Host-guest interaction tailored cucurbit[6]uril-based supramolecular organic frameworks (SOFs) for drug delivery
Chun Liu , Yu Xia , Zhu Tao , Xin-Long Ni
Recent studies have revealed that cucurbit[n]urils (Q[n]s or CB[n]s) [1-7] as macrocyclic organic building blocks exhibit excellent advantages in the construction of various supramolecular organic frameworks (SOFs) [8-13]. For example, Li et al. demonstrated the direct preparation of single-layer periodic honeycomb-shaped two-dimensional (2D) SOFs and periodic adamantine-shaped three-dimensional (3D) SOFs [14] with catalysis effect in water through the host-stabilized charge-transfer interactions of various pyridinium derivatives with Q[8]s. Cao et al. reported the fabrication of cellular-imaging fluorescent 3D SOFs from 2D networks via Q[8]-based host–guest interactions in an acidic aqueous solution [15]. In this approach, the Q[8] host molecules act as molecular handcuffs to simultaneously include two guest molecules in each host cavity, thus, forming the SOFs in solution
We reported that Q[n]s can be used as rigid cage blocks to produce a variety of Q[n]-based solid SOFs (QSOFs) [16-18], including self-induced, anion-induced, and aromatic-compound-induced QSOFs with unique adsorption properties, through outer-surface interactions [19-21]. Generally, the driving forces for the assembly of QSOFs are mainly weak noncovalent interactions such as C-H···π and ion−dipole interactions from the positive electrostatic potential of the outer surface of Q[n]s; importantly, these QSOFs can be quickly crystallized from the solution. Stoddart [22] and our group [23, 24] independently used this approach to develop a facile strategy for high-efficiency gold recovery in acidic aqueous solutions. However, there are few reports on the host–guest-complex-derived solid QSOFs, which are formed by exploiting the outer-surface interactions of Q[n]s. In 2017, we successfully obtained the first example of solid 3D polycatenanes formed via Q[6] host–guest interactions [25], which was stabilized by the outer-surface interactions between Q[6] and [CdCl4]2– anions and could be rapidly precipitated from the solution mixture with a high yield.

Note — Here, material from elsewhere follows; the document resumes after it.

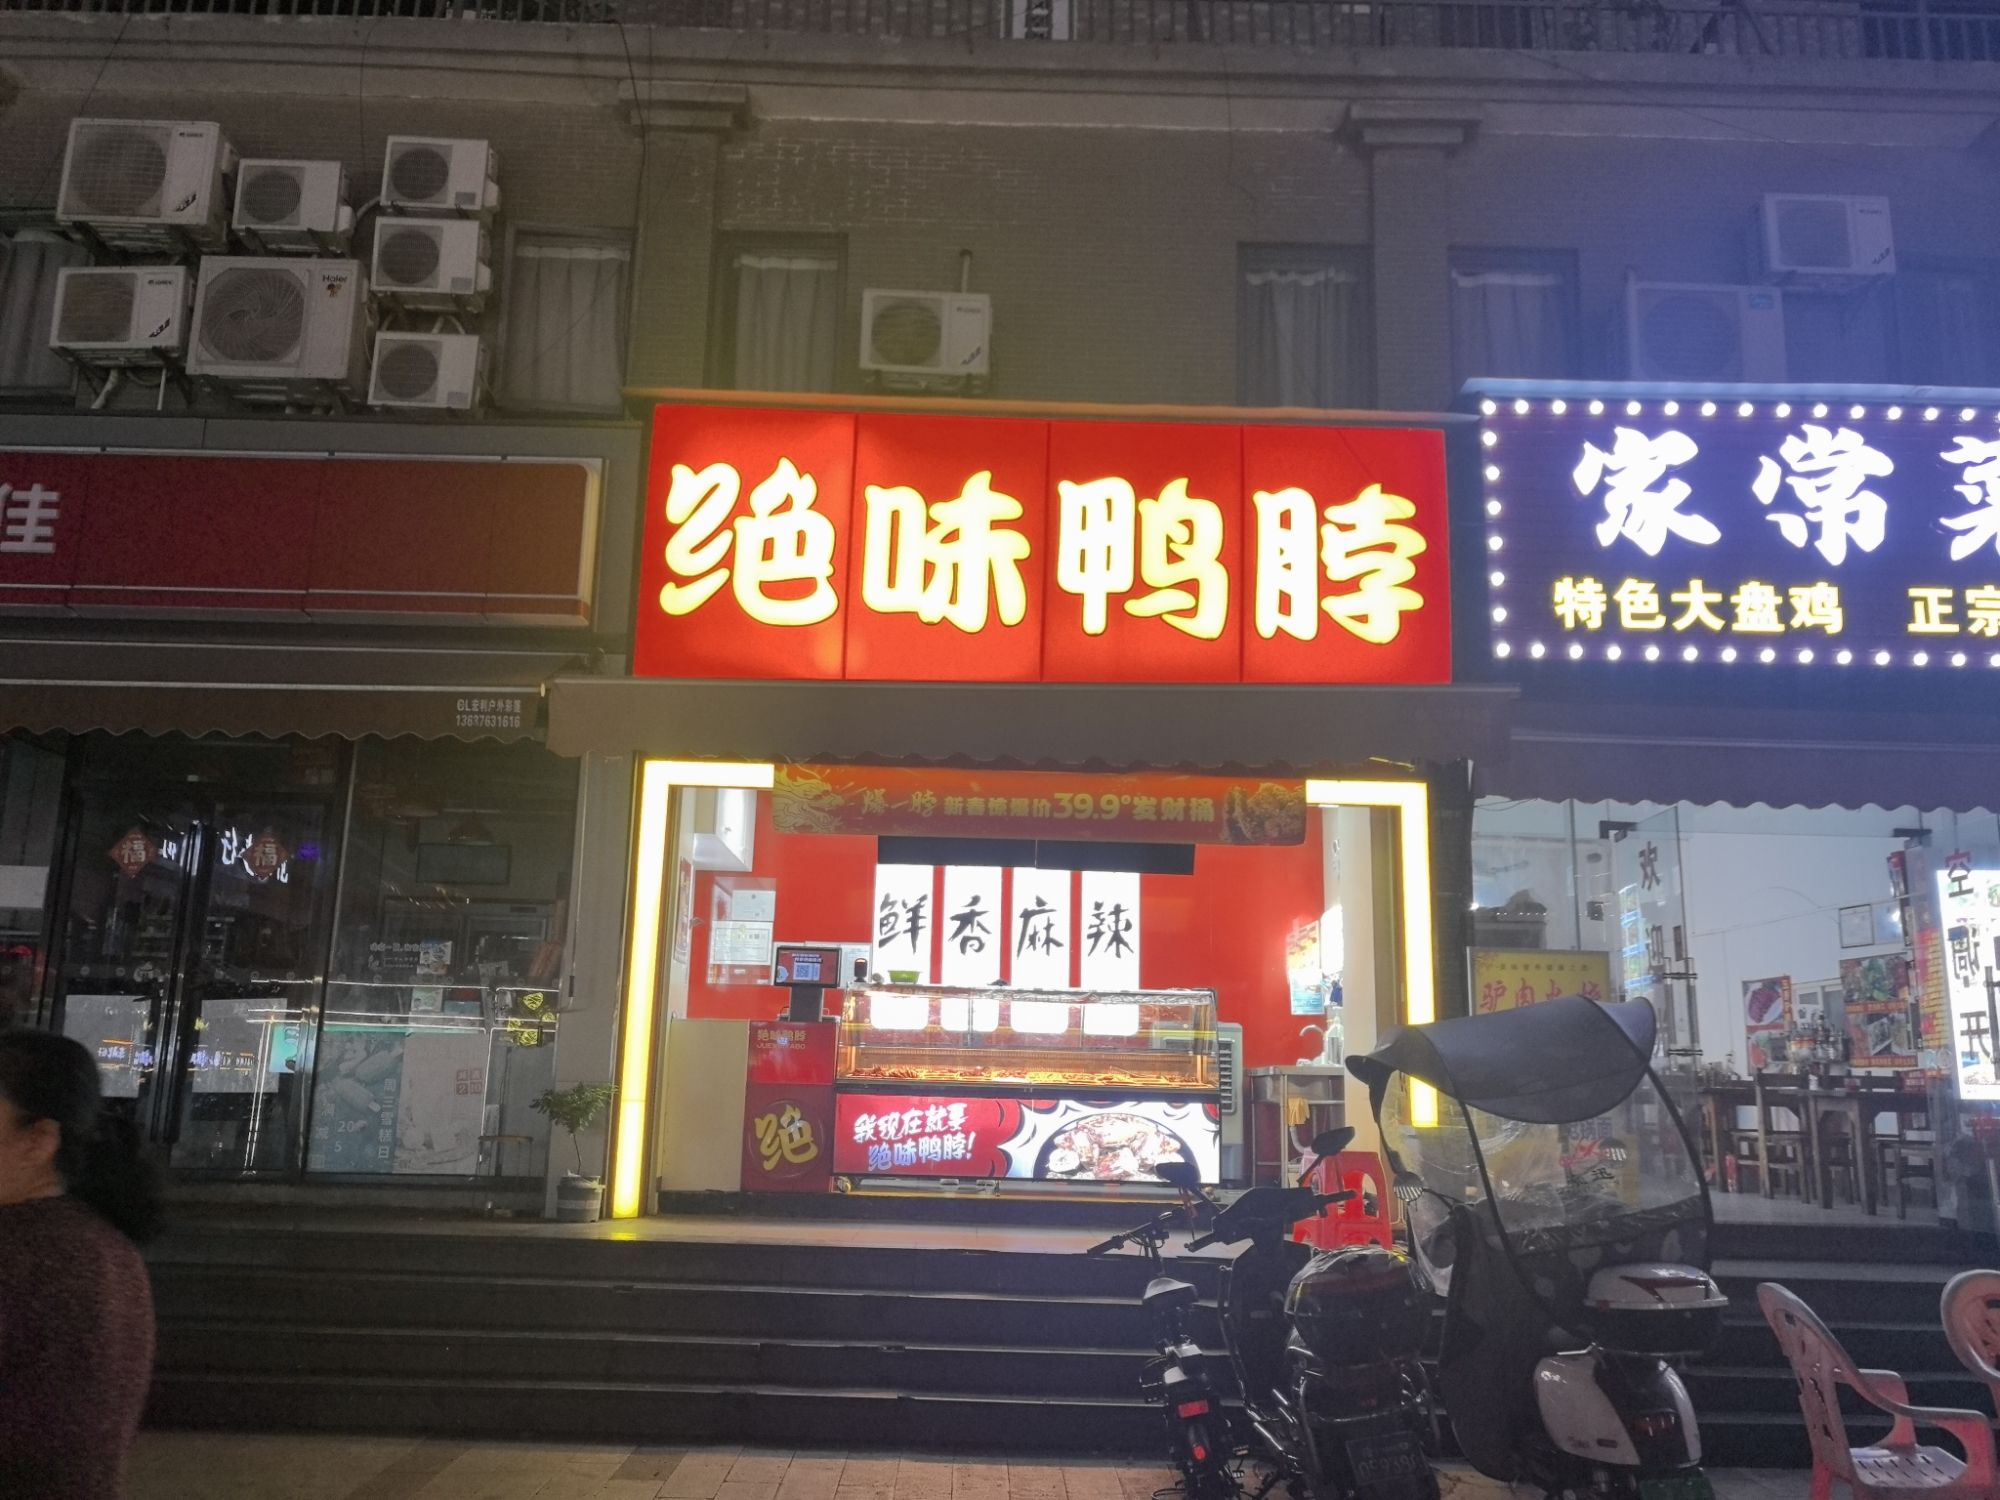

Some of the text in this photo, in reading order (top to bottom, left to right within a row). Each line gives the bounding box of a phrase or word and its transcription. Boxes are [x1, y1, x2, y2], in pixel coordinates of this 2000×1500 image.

From a structure viewpoint, the simple and low cost of the outer-surface interactions triggered solid SOFs from the host-guest interaction of Q[n] cavity with various functional guest molecules could be one of ideal complementary approach for construction of modification of MOFs [26, 27] and COFs [28], because the modification can enhance many of new properties and functions of the parent species.

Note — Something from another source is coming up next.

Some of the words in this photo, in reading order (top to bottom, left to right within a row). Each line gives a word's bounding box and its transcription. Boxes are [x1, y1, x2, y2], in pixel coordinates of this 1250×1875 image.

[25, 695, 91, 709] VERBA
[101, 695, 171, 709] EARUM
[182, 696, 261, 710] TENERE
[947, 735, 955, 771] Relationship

In this study, as a proof of concept, a series of Q[6]-based solid SOFs with empty cavities (Q[6]-SOF-1 and Q[6]-SOF-1b) and guest encapsulation in the Q[6] molecules (Q[6]-SOF-2 and Q[6]-SOF-3) were successfully prepared with a high yield in the presence of [ZnCl4]2– anions as the structure inducer. After evaluation in a wide range of experimental conditions, the host–guest interaction of Q[6] with 2-(cyclohexylamino)ethanol (N-ECyA)-derived Q[6]-SOF-2 was explored for drug-loading applications (e.g., for loading ibuprofen (IBU)); Q[6]-SOF-2 exhibited smart temperature- and pH-sensitive IBU release, due to the reversible weak noncovalent interactions of QSOF-2 assemblies. This result shows that the assembly of host–guest complexes triggered by the outer-surface interactions of Q[n]s and the dynamic non-covalent interactions provide new construction and application models of SOFs. Furthermore, the results of this study reveal that the electrostatic potential of the Q[6] host can be tailored via guest inclusion, which provides a new avenue for developments in macrocycle-based porous materials.

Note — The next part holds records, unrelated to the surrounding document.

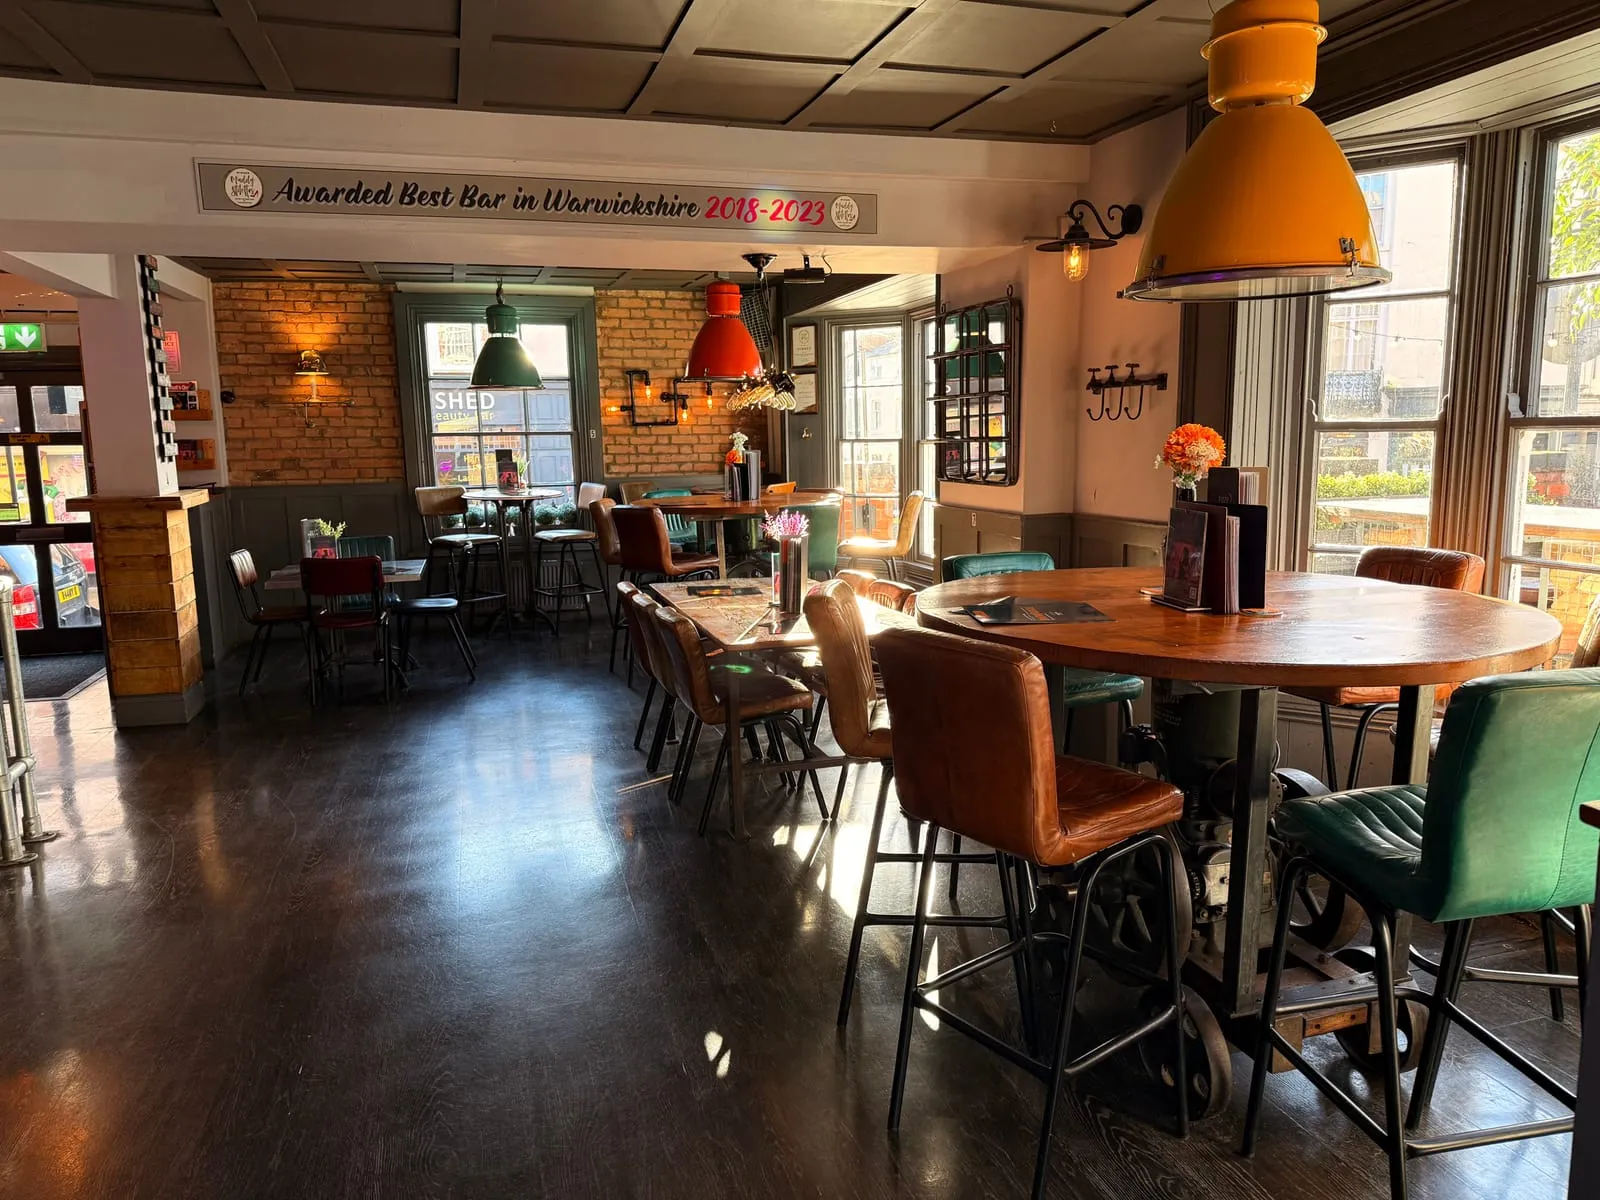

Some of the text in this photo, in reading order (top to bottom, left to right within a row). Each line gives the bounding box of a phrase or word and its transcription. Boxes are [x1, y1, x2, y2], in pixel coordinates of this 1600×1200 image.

[274, 177, 825, 225] Awarded Best Bar in Warwickshire 2018-2023
[435, 391, 495, 410] SHED
[435, 412, 470, 421] eauty
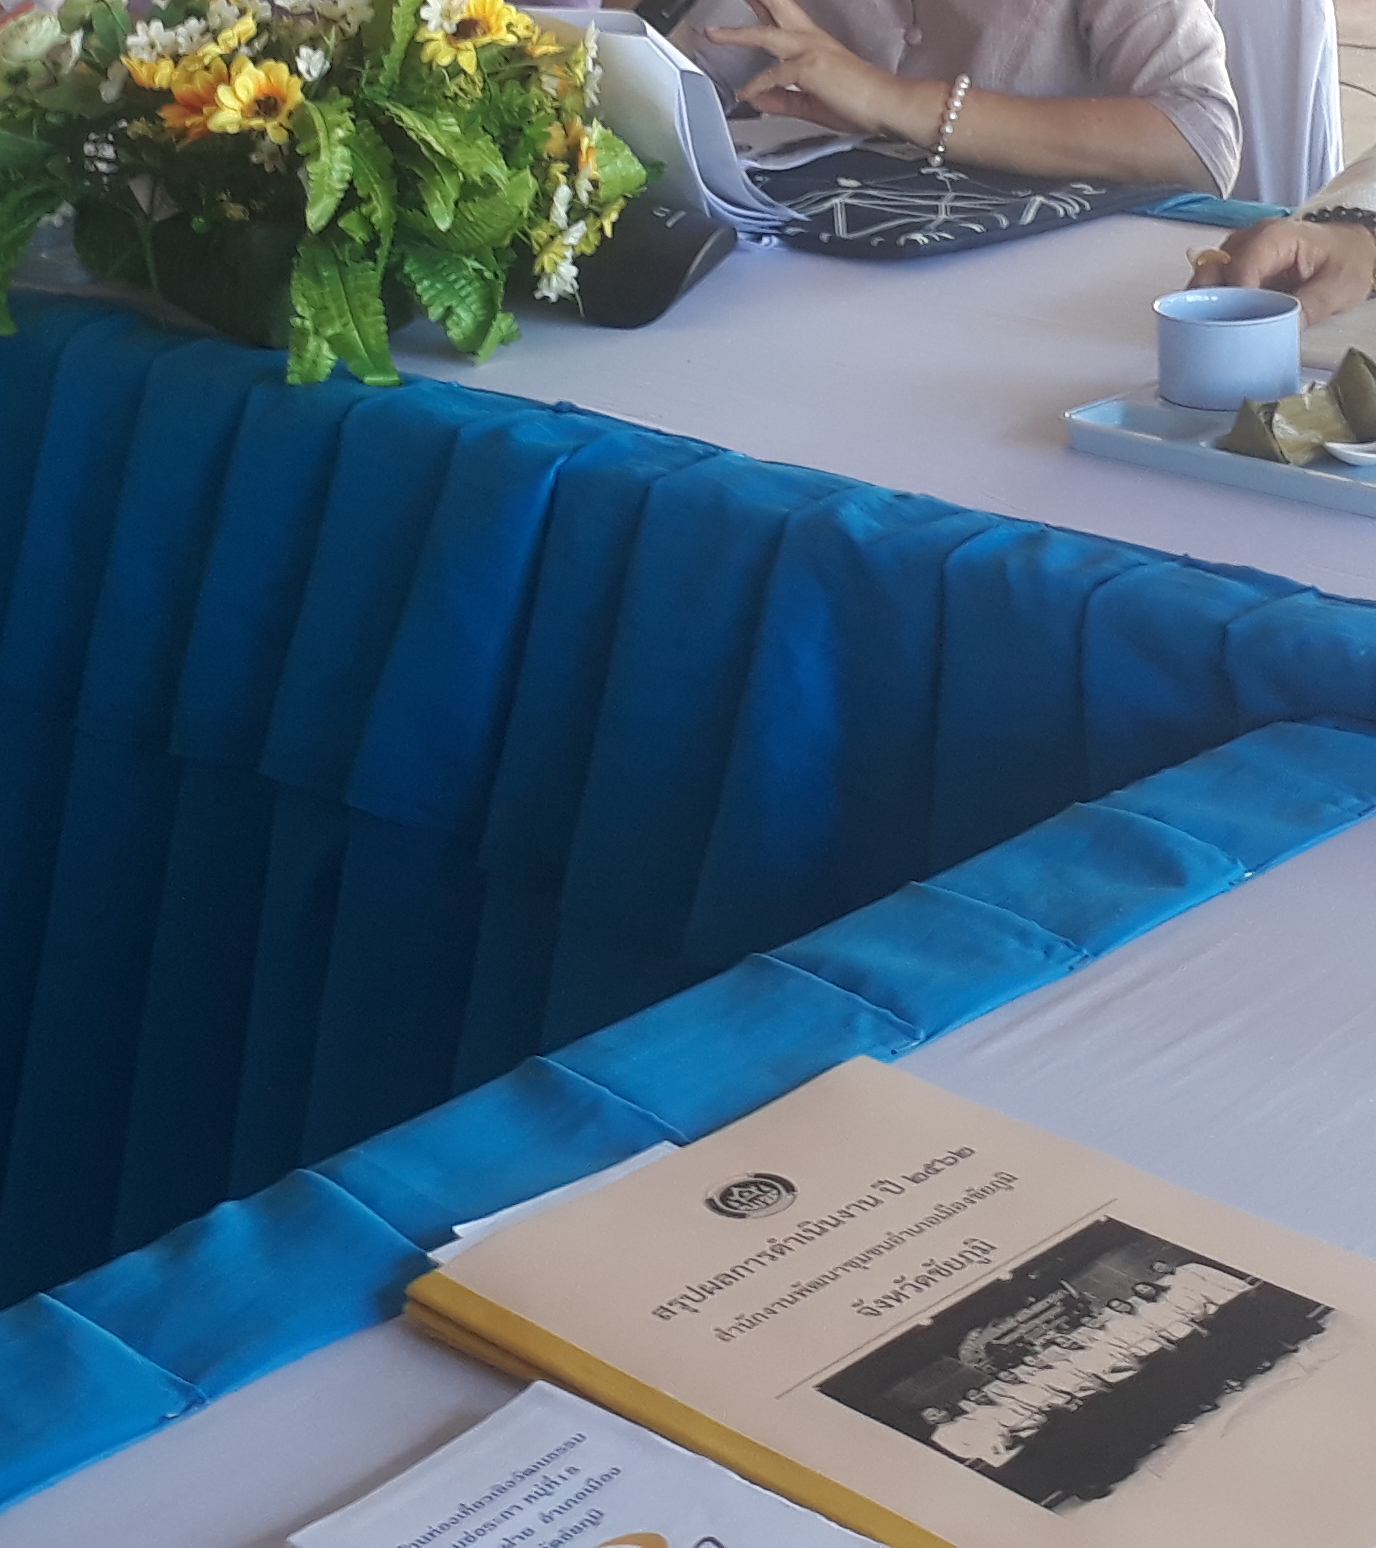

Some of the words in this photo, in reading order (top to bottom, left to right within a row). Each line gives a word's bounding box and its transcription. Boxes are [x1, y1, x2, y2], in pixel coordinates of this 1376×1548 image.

[650, 1191, 884, 1322] สรุปผลการดำเนินงาน
[878, 1176, 907, 1198] ปี
[901, 1144, 978, 1188] ๒๕๖๒
[713, 1170, 1019, 1344] สำนักงานพัฒนาชุมชนอำเภอเมืองชัยภูมิ
[853, 1237, 998, 1320] จังหวัดชัยภูมิ
[538, 1466, 622, 1524] อำเภอเมือง

Typically, ion–dipole interactions between the positive-electropotential outer surface of Q[n] host molecule and [CdCl4]2− anion is the mainly driving force for the construction of solid Q[n]-SOFs from a hydrochloric acid solution. However, the toxicity of Cd2+ ions greatly limits their applications. The [ZnCl4]2− anion is a good alternative to the [CdCl4]2− anion, however, when [ZnCl4]2− ions are used, the rapid production of a large amount of crystallized QSOFs from solution (as in the case of [CdCl4]2− anions) is difficult [24]. After many attempts, we found that a high concentration of HCl (> 4.0 mol/L) is beneficial to the crystallization of [ZnCl4]2−-induced Q[6]-SOFs (Supporting information). In this study, Q[6] was dissolved in a 6.0 mol/L HCl solution in the presence and absence of 1.0 equiv. of guest N-(3-aminopropyl)cyclohexylamine (N-ACyA) and N-(2-hydroxyethyl)cyclohexylamine (N-ECyA), and then, 6.0 equiv. of ZnCl2 (in a 6.0 mol/L HCl solution) was added to the solution. A large number of microcrystals were precipitated within a short time (2 h) with a yield of 50% to 75%. The empty Q[6]-based, Q[6]-N-ECyA complex based, and Q[6]-N-ACyA complex based microcrystals were denoted Q[6]-SOF-1, Q[6]-SOF-2, and Q[6]-SOF-3, respectively. X-ray quality crystals were obtained from the filtrate solution within 2–3 days. The X-ray diffraction analysis revealed that all the Q[6]-SOFs have the same triclinic crystal system with the same P-1 space group and similar cell parameters with slightly different unit cell parameters (Table S1 in Supporting information). In addition, the powder X-ray diffraction (PXRD) pattern of each Q[6]-SOF matches the corresponding single-crystal-based simulated pattern, indicating the formation of pure-phase crystalline products (Figs. 1e-g).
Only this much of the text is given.